Embolisation des fibromes utérins

C’est une tumeur bénigne (non cancéreuse) qui se développe au niveau de l’utérus. Ces fibromes sont très fréquents, il existe une prédisposition familiale ou ethnique. Ils guérissent généralement à la ménopause mais peuvent réapparaître en cas de traitement hormonal substitutif. Ces fibromes sont responsables de symptômes qu’il est nécessaire de traiter.

Le traitement du fibrome dépend de sa taille, de sa localisation et de la sévérité des symptômes qui l’accompagnent.

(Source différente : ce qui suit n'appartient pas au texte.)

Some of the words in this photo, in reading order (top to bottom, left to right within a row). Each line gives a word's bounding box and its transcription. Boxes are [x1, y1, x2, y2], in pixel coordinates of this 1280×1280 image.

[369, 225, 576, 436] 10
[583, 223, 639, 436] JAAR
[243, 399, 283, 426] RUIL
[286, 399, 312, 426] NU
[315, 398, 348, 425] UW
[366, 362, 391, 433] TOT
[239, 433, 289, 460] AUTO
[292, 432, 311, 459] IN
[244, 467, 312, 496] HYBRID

  • Un traitement médical : c’est généralement le traitement initial, pilule contraceptive, autre traitement hormonal ou anti-inflammatoire non stéroïdien. Ces traitements comportent des risques s’ils sont utilisés à long terme.
  • La myomectomie : le fibrome est enlevé sous anesthésie générale par voies naturelles, par coelioscopie ou par voie chirurgicale classique, en laissant l’utérus en place.
    Cette intervention nécessite plusieurs jours d’hospitalisation, mais préserve les possibilités d’une grossesse ultérieure.
  • L’hystérectomie : réalisée sous anesthésie générale, consiste à enlever l’utérus. Elle nécessite plusieurs jours d’hospitalisation et une convalescence de 4 à 6 semaines. C’est la technique la plus fréquemment utilisée

Enfin les fibromes peuvent être traités par Embolisation pelvienne

L’intervention dure une heure (parfois un peu plus).

A votre arrivée, l’infirmière vous posera une perfusion. Vous la garderez pendant 48 heures, soit le temps de votre hospitalisation.

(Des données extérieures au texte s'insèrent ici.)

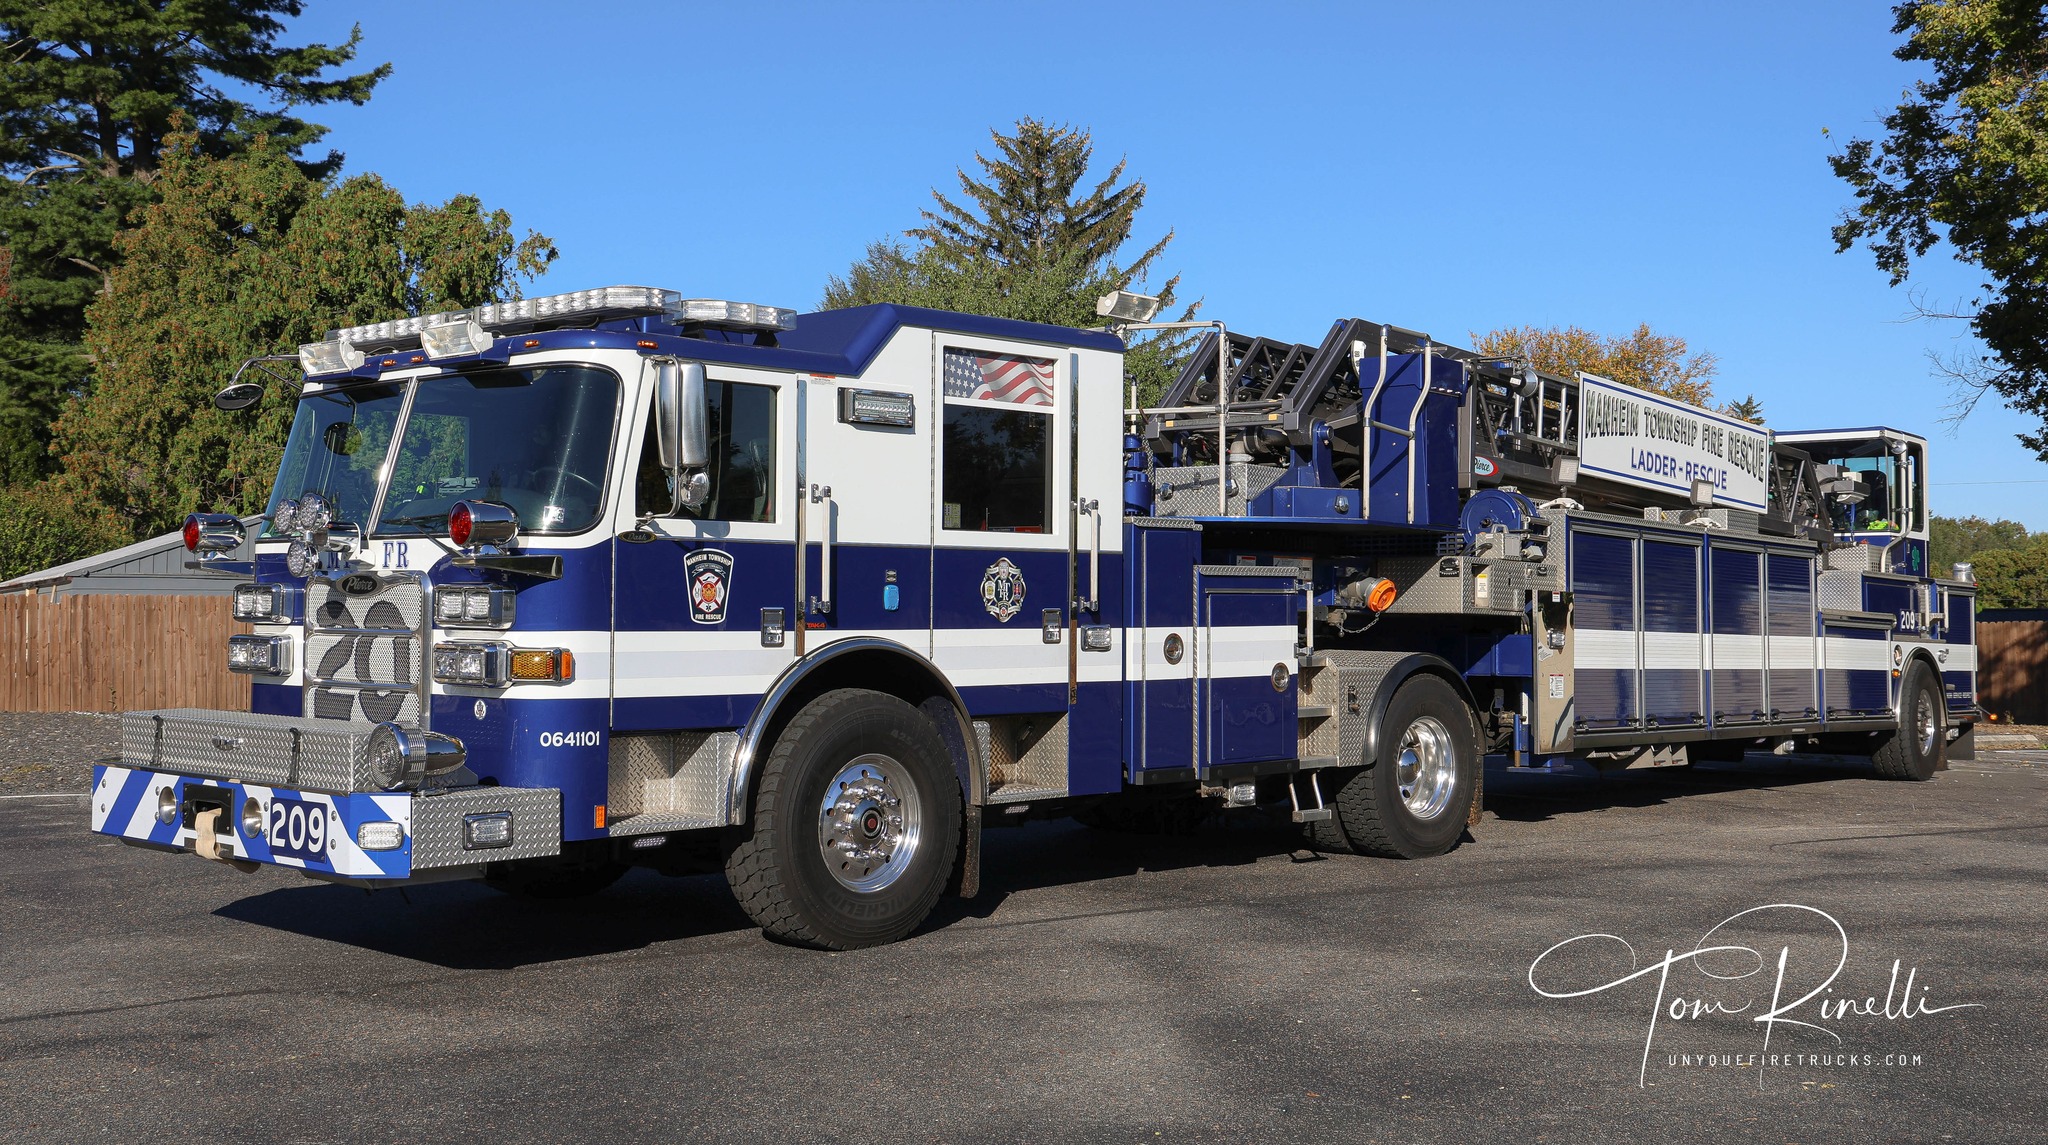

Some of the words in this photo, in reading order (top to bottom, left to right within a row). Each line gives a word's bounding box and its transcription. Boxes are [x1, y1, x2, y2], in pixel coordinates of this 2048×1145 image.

[1585, 389, 1639, 438] MANHEIM
[1644, 406, 1697, 447] TOWNSHIP
[1702, 423, 1723, 458] FIRE
[1727, 430, 1764, 483] RESCUE
[383, 541, 409, 568] FR
[687, 554, 707, 566] MANHEIM
[708, 554, 731, 566] TOWNSHIP
[345, 576, 373, 592] Pierce
[1901, 611, 1915, 629] 209
[540, 731, 600, 747] 0641101
[271, 802, 325, 853] 209

Cette perfusion est destinée à vous administrer des produits relaxants et anti-douleurs avant, pendant et après l’intervention.

L’intervention est réalisée sous anesthésie locale, une sonde fine est introduite au niveau du poignet gauche (artère radiale), puis guidée le long des artères jusqu’à l’artère utérine. Une fois en place, cette sonde permet d’injecter des petites particules qui vont boucher les artérioles qui irriguent le fibrome, pour y arrêter la circulation sanguine, entraînant ainsi : sa nécrose et une diminution importante de son volume, voire sa disparition en quelques semaines ou quelques mois.

L’introduction de la sonde par le poignet permet un levé précoce et d’éviter la survenue d’un hématome.

Un protocole prévu par l’anesthésiste est mis en place pour le contrôle de la douleur : il est nécessaire dès que celle-ci apparaît de le signaler.

A l’issue de cette intervention, vous séjournerez en salle de réveil pendant quelques heures, pour la surveillance et le contrôle de la douleur (mise en place d’une PCA ).

L’embolisation pelvienne est réalisée sans anesthésie générale, sans ouverture de l’abdomen.

Elle nécessite une hospitalisation de trois nuits : la veille de l’intervention et 48 heures après celle-ci. Plus une convalescence brève de 1 à 3 semaines.

C’est une technique efficace : elle permet de guérir les symptômes des fibromes dans 90% des cas, en faisant diminuer le volume de plus de 70%.

La récidive est exceptionnelle.

Il faut considérer que cette intervention n’autorise pas de grossesse ultérieure.

Vous aurez un entretien avec les différents médecins qui vous suivent afin de discuter des différentes alternatives thérapeutiques.

Une consultation pré-anesthésique spécifique, obligatoire, doit avoir été pratiquée dans les semaines précédent l’intervention. Elle permet à la fois de dépister une éventuelle allergie, de prescrire un traitement préventif, mais aussi de contrôler votre bilan sanguin, afin de prévenir d’autres risques ou contre-indications.

Un bilan sanguin est nécessaire que vous devez faire réaliser avant votre hospitalisation, une ordonnance vous est prescrite à cet effet.

Sachez qu’il est souhaitable :

  • d’avoir arrêté votre traitement hormonal au moins 2 mois avant l’intervention
  • d’avoir fait enlever votre stérilet

Le radiologue vous donnera directement les résultats dans la salle à l’issue de l’intervention, puis un compte-rendu détaillé sera communiqué à votre médecin.